The defendant argues, 'however, that upon the ad damnum being amended to $15,000.00 he acquired the right to remove the case as one now having an ad damnum in excess of $2000.00. As support for interpreting the $2000.00 ad damnum as being a sliding standard and not one fixed by the original ad damnum of the writ, he cites the removal procedure from state to federal court as an analogy. However, the Federal Statute (28 HSCA s. 1446(b)) dealing with removals from a state court to the district court of the United States specifically provides that a case, not originally removable, may become so upon an amendment of the pleadings which brings the ease for the first time into a removable status. See Harriman v. Liberian Maritime Corporation, 204 F. Supp. 205 (U.S.D.C. D. of Mass. 1962). By contrast, the text of G.L. c. 231, § 104, as amended by the 1965 act, does not admit of such elasticity. The language is rigid in using the ad damnum as of the time of original entry of the action as the reference point.

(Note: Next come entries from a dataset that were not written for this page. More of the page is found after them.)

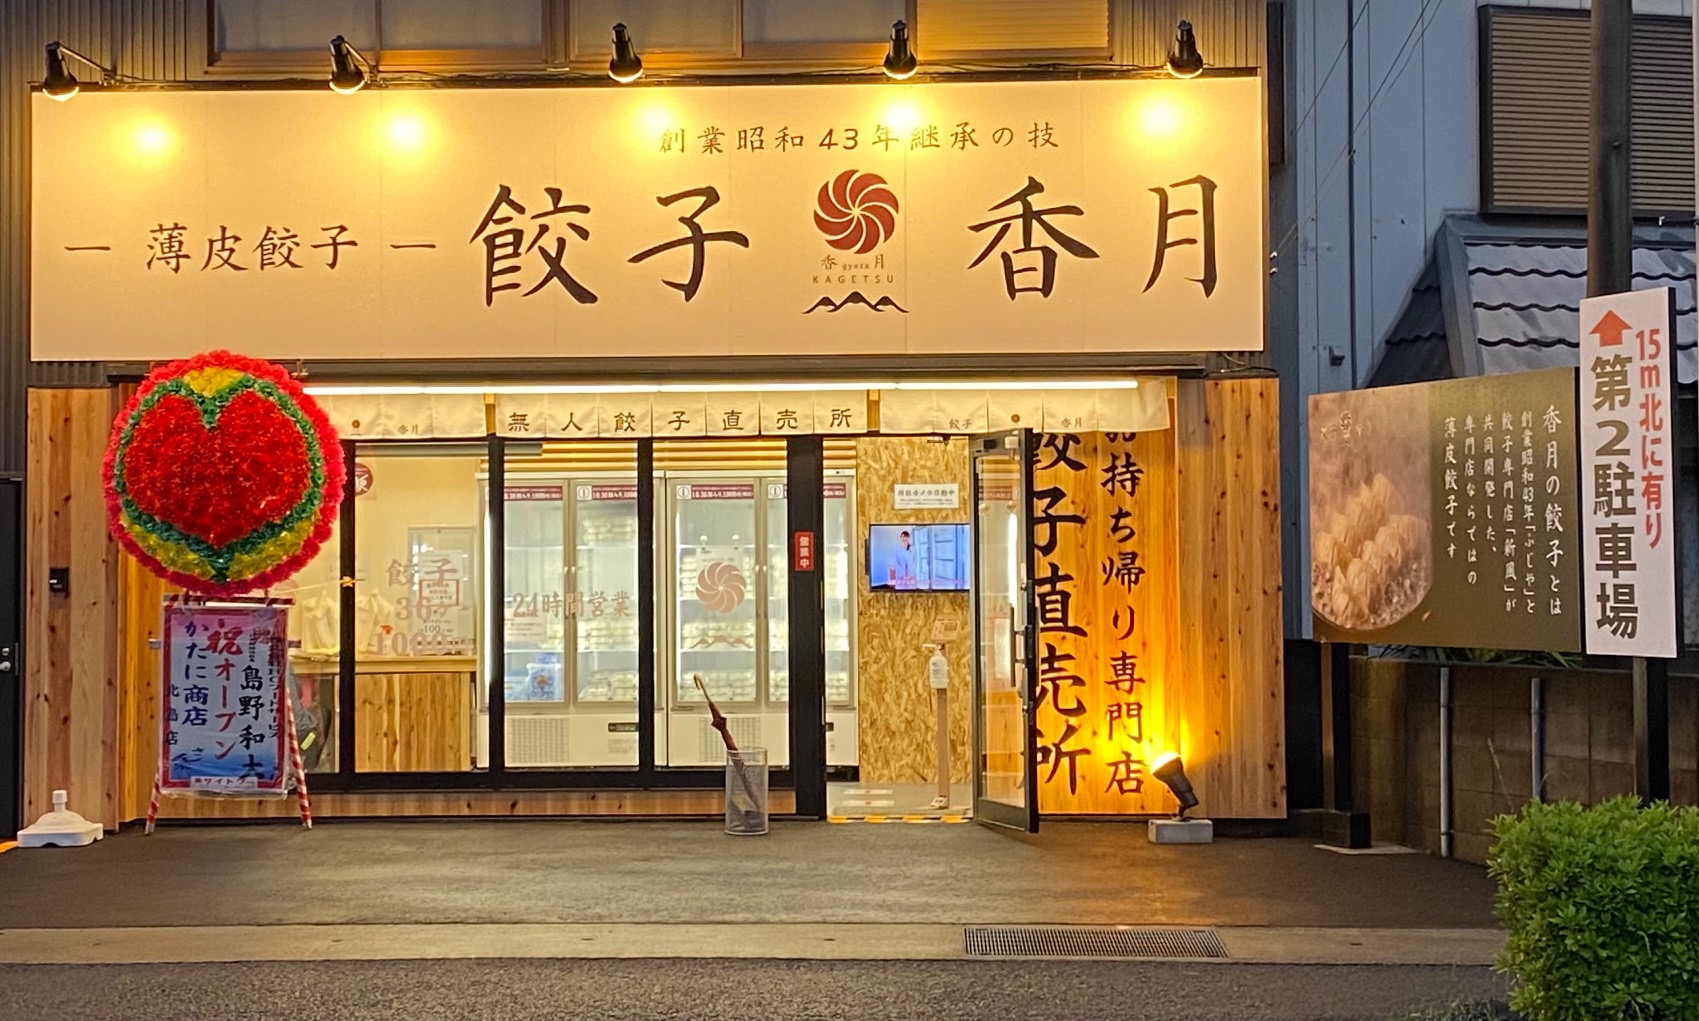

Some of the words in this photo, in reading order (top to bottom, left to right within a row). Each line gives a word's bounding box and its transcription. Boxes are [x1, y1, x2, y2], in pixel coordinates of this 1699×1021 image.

[659, 121, 1060, 155] 創業昭和43年継承の技
[145, 222, 358, 273] 薄皮餃子
[469, 184, 750, 306] 餃子
[967, 175, 1219, 302] 香月
[812, 275, 894, 284] KAGETSU
[507, 409, 852, 433] 無人餃子直売所
[948, 416, 973, 430] 餃子
[1061, 417, 1083, 428] 香月
[1635, 328, 1664, 550] 15m北に有り
[1443, 416, 1459, 559] 薄皮餃子です
[1463, 414, 1478, 585] 専門店ならではの
[1542, 404, 1564, 616] 香月の餃子とは
[1590, 353, 1640, 640] 第2駐車場
[207, 618, 243, 656] 祝
[512, 591, 633, 618] 24時間営業
[214, 658, 237, 761] オープン

*177This construction, in requiring a trial first in the District Court despite the increased ad damnum by amendment, serves the purposes sought to be accomplished by the 1965 amendment, namely, to relieve congestion in the superior courts and to avoid the court paper work involved in the round-trip of cases entered in the district court, then removed by defendants to the superior court, thereafter to be remanded to the district court under G.L. c. 231, c. 102C. (See 40th Beport of the Judicial Council, 1964 Pub. Doc. 144, pp. 14-17). In any event, it isn’t likely that plaintiff’s attorneys will deliberately depress their writs to $2000.00 or less in cases involving serious injuries in order to remain in the district court. Such a course involves a plaintiff in real risks without any compensating benefit. Under the 1965 statute he thereby loses the right to a jury trial and also forfeits a chance for a second trial in the superior court if the first trial ends unfavorably, whereas the defendant would have the option of this second trial if dissatisfied with the district court finding. 'To avoid these consequences he need only set an ad damnum in excess of $2000.00. It is far more likely that writs will be blown up beyond $2000.00, than that they will be depressed to a lesser figure. It is rightly not contended that the allowance of an amendment increasing the ad damnum of a writ to an amount in excess of $2000.00 in any way jeopardized the right of *178the defendant to enter the case in the superior court after the finding (St. 1965, c. 377) and to claim a jury trial (G.L. c. 231, § 102C). We see no error in the denial of defendant’s motion to remove late.
Paul H. King for the Plaintiff
Joseph M. McDonnell for the Defendant
The denial of defendant’s motion for a mistrial was within the court’s discretion. The report discloses no ground requiring such action. See Murray v. Foster, 343 Mass. 655, 660. The defendant was given full opportunity to meet the evidence of substantial damages.
There being no error, the report is ordered dismissed.